Every entry below must be copied exactly, with nothing left out.

++++ RECORD EXTRACTS ++++

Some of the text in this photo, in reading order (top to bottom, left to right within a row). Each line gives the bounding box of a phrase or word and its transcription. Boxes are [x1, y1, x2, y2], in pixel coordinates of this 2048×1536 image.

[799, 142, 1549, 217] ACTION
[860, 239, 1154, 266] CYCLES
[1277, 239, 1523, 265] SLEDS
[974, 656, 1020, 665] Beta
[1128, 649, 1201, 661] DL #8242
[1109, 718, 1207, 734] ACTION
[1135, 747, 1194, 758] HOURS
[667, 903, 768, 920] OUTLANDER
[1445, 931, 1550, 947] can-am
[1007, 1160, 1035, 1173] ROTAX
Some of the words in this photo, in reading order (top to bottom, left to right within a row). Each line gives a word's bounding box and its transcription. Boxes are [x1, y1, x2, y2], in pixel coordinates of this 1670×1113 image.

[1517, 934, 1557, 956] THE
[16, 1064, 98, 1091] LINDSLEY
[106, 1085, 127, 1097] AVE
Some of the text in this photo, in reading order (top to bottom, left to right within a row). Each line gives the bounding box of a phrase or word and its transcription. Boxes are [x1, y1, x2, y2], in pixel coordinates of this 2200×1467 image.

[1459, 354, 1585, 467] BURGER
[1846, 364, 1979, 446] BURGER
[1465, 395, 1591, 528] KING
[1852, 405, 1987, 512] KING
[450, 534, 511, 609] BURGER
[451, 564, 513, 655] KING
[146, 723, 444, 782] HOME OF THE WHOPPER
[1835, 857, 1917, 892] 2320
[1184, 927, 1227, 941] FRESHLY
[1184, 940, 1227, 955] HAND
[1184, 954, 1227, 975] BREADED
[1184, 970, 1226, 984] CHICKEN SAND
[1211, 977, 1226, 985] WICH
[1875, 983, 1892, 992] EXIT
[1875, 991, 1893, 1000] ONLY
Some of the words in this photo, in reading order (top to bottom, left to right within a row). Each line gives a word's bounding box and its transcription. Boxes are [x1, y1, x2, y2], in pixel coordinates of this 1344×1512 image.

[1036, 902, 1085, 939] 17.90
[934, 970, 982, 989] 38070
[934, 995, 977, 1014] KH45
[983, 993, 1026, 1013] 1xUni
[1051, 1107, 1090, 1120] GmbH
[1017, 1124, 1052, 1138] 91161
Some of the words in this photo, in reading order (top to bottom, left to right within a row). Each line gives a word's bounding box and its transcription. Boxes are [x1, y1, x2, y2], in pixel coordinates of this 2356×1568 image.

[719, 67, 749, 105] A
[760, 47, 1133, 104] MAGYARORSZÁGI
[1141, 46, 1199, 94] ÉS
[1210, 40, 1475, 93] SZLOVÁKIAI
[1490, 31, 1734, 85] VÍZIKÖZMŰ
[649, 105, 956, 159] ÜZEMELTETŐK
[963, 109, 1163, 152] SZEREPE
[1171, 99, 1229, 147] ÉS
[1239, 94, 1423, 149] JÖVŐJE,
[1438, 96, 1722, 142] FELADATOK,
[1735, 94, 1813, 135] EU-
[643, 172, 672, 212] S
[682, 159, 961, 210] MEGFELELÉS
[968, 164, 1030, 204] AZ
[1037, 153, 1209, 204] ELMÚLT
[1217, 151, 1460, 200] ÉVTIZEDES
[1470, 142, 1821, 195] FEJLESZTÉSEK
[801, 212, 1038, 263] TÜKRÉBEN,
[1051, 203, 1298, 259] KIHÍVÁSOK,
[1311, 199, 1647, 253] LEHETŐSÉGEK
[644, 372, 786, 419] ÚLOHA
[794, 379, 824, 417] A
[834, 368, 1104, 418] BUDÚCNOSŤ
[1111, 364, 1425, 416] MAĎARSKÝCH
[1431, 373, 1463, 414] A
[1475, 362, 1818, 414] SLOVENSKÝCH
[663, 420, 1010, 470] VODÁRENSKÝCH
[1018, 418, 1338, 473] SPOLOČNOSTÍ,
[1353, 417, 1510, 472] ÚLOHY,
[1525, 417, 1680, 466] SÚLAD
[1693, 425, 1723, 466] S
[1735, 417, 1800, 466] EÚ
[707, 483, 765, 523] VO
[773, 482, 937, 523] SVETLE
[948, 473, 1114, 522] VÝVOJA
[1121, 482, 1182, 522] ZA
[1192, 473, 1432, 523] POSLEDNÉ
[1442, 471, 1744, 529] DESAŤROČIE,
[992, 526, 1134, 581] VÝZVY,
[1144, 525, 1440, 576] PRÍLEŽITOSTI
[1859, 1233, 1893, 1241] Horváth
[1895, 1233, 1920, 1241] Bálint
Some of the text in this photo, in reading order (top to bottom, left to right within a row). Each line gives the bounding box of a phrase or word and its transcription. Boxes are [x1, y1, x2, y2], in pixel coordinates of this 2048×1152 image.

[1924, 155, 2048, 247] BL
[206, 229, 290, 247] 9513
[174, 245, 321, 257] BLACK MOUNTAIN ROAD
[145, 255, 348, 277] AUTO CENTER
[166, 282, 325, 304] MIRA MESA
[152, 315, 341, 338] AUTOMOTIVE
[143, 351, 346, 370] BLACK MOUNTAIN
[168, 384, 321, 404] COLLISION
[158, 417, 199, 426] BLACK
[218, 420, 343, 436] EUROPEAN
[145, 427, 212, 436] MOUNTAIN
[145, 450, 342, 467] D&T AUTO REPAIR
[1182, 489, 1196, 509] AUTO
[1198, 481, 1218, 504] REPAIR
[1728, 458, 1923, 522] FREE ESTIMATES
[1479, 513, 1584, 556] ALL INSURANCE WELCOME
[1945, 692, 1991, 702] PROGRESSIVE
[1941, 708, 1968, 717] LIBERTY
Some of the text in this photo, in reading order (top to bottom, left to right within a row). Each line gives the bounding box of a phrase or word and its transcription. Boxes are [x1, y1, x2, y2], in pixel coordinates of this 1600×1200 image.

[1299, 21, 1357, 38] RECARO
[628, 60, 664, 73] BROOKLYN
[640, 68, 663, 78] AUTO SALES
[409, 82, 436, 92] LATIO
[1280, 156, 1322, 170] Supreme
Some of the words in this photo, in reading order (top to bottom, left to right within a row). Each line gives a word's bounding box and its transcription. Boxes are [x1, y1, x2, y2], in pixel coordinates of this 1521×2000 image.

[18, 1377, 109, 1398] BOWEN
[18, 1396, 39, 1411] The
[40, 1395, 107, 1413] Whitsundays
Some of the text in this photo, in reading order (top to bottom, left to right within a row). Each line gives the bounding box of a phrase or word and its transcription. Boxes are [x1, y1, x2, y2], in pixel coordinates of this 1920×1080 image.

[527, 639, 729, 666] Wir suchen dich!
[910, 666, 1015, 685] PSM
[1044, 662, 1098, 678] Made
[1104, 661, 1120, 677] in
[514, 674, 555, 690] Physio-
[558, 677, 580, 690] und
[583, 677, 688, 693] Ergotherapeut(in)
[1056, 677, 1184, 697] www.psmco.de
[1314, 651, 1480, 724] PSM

++++

● ANSWER TO THE EXERCISE:
Some of the text in this photo, in reading order (top to bottom, left to right within a row). Each line gives the bounding box of a phrase or word and its transcription. Boxes are [x1, y1, x2, y2], in pixel coordinates of this 2048×1536 image.

[799, 142, 1549, 217] ACTION
[860, 239, 1154, 266] CYCLES
[1277, 239, 1523, 265] SLEDS
[974, 656, 1020, 665] Beta
[1128, 649, 1201, 661] DL #8242
[1109, 718, 1207, 734] ACTION
[1135, 747, 1194, 758] HOURS
[667, 903, 768, 920] OUTLANDER
[1445, 931, 1550, 947] can-am
[1007, 1160, 1035, 1173] ROTAX
Some of the words in this photo, in reading order (top to bottom, left to right within a row). Each line gives a word's bounding box and its transcription. Boxes are [x1, y1, x2, y2], in pixel coordinates of this 1670×1113 image.

[1517, 934, 1557, 956] THE
[16, 1064, 98, 1091] LINDSLEY
[106, 1085, 127, 1097] AVE
Some of the text in this photo, in reading order (top to bottom, left to right within a row). Each line gives the bounding box of a phrase or word and its transcription. Boxes are [x1, y1, x2, y2], in pixel coordinates of this 2200×1467 image.

[1459, 354, 1585, 467] BURGER
[1846, 364, 1979, 446] BURGER
[1465, 395, 1591, 528] KING
[1852, 405, 1987, 512] KING
[450, 534, 511, 609] BURGER
[451, 564, 513, 655] KING
[146, 723, 444, 782] HOME OF THE WHOPPER
[1835, 857, 1917, 892] 2320
[1184, 927, 1227, 941] FRESHLY
[1184, 940, 1227, 955] HAND
[1184, 954, 1227, 975] BREADED
[1184, 970, 1226, 984] CHICKEN SAND
[1211, 977, 1226, 985] WICH
[1875, 983, 1892, 992] EXIT
[1875, 991, 1893, 1000] ONLY
Some of the words in this photo, in reading order (top to bottom, left to right within a row). Each line gives a word's bounding box and its transcription. Boxes are [x1, y1, x2, y2], in pixel coordinates of this 1344×1512 image.

[1036, 902, 1085, 939] 17.90
[934, 970, 982, 989] 38070
[934, 995, 977, 1014] KH45
[983, 993, 1026, 1013] 1xUni
[1051, 1107, 1090, 1120] GmbH
[1017, 1124, 1052, 1138] 91161
Some of the words in this photo, in reading order (top to bottom, left to right within a row). Each line gives a word's bounding box and its transcription. Boxes are [x1, y1, x2, y2], in pixel coordinates of this 2356×1568 image.

[719, 67, 749, 105] A
[760, 47, 1133, 104] MAGYARORSZÁGI
[1141, 46, 1199, 94] ÉS
[1210, 40, 1475, 93] SZLOVÁKIAI
[1490, 31, 1734, 85] VÍZIKÖZMŰ
[649, 105, 956, 159] ÜZEMELTETŐK
[963, 109, 1163, 152] SZEREPE
[1171, 99, 1229, 147] ÉS
[1239, 94, 1423, 149] JÖVŐJE,
[1438, 96, 1722, 142] FELADATOK,
[1735, 94, 1813, 135] EU-
[643, 172, 672, 212] S
[682, 159, 961, 210] MEGFELELÉS
[968, 164, 1030, 204] AZ
[1037, 153, 1209, 204] ELMÚLT
[1217, 151, 1460, 200] ÉVTIZEDES
[1470, 142, 1821, 195] FEJLESZTÉSEK
[801, 212, 1038, 263] TÜKRÉBEN,
[1051, 203, 1298, 259] KIHÍVÁSOK,
[1311, 199, 1647, 253] LEHETŐSÉGEK
[644, 372, 786, 419] ÚLOHA
[794, 379, 824, 417] A
[834, 368, 1104, 418] BUDÚCNOSŤ
[1111, 364, 1425, 416] MAĎARSKÝCH
[1431, 373, 1463, 414] A
[1475, 362, 1818, 414] SLOVENSKÝCH
[663, 420, 1010, 470] VODÁRENSKÝCH
[1018, 418, 1338, 473] SPOLOČNOSTÍ,
[1353, 417, 1510, 472] ÚLOHY,
[1525, 417, 1680, 466] SÚLAD
[1693, 425, 1723, 466] S
[1735, 417, 1800, 466] EÚ
[707, 483, 765, 523] VO
[773, 482, 937, 523] SVETLE
[948, 473, 1114, 522] VÝVOJA
[1121, 482, 1182, 522] ZA
[1192, 473, 1432, 523] POSLEDNÉ
[1442, 471, 1744, 529] DESAŤROČIE,
[992, 526, 1134, 581] VÝZVY,
[1144, 525, 1440, 576] PRÍLEŽITOSTI
[1859, 1233, 1893, 1241] Horváth
[1895, 1233, 1920, 1241] Bálint
Some of the text in this photo, in reading order (top to bottom, left to right within a row). Each line gives the bounding box of a phrase or word and its transcription. Boxes are [x1, y1, x2, y2], in pixel coordinates of this 2048×1152 image.

[1924, 155, 2048, 247] BL
[206, 229, 290, 247] 9513
[174, 245, 321, 257] BLACK MOUNTAIN ROAD
[145, 255, 348, 277] AUTO CENTER
[166, 282, 325, 304] MIRA MESA
[152, 315, 341, 338] AUTOMOTIVE
[143, 351, 346, 370] BLACK MOUNTAIN
[168, 384, 321, 404] COLLISION
[158, 417, 199, 426] BLACK
[218, 420, 343, 436] EUROPEAN
[145, 427, 212, 436] MOUNTAIN
[145, 450, 342, 467] D&T AUTO REPAIR
[1182, 489, 1196, 509] AUTO
[1198, 481, 1218, 504] REPAIR
[1728, 458, 1923, 522] FREE ESTIMATES
[1479, 513, 1584, 556] ALL INSURANCE WELCOME
[1945, 692, 1991, 702] PROGRESSIVE
[1941, 708, 1968, 717] LIBERTY
Some of the text in this photo, in reading order (top to bottom, left to right within a row). Each line gives the bounding box of a phrase or word and its transcription. Boxes are [x1, y1, x2, y2], in pixel coordinates of this 1600×1200 image.

[1299, 21, 1357, 38] RECARO
[628, 60, 664, 73] BROOKLYN
[640, 68, 663, 78] AUTO SALES
[409, 82, 436, 92] LATIO
[1280, 156, 1322, 170] Supreme
Some of the words in this photo, in reading order (top to bottom, left to right within a row). Each line gives a word's bounding box and its transcription. Boxes are [x1, y1, x2, y2], in pixel coordinates of this 1521×2000 image.

[18, 1377, 109, 1398] BOWEN
[18, 1396, 39, 1411] The
[40, 1395, 107, 1413] Whitsundays
Some of the text in this photo, in reading order (top to bottom, left to right within a row). Each line gives the bounding box of a phrase or word and its transcription. Boxes are [x1, y1, x2, y2], in pixel coordinates of this 1920×1080 image.

[527, 639, 729, 666] Wir suchen dich!
[910, 666, 1015, 685] PSM
[1044, 662, 1098, 678] Made
[1104, 661, 1120, 677] in
[514, 674, 555, 690] Physio-
[558, 677, 580, 690] und
[583, 677, 688, 693] Ergotherapeut(in)
[1056, 677, 1184, 697] www.psmco.de
[1314, 651, 1480, 724] PSM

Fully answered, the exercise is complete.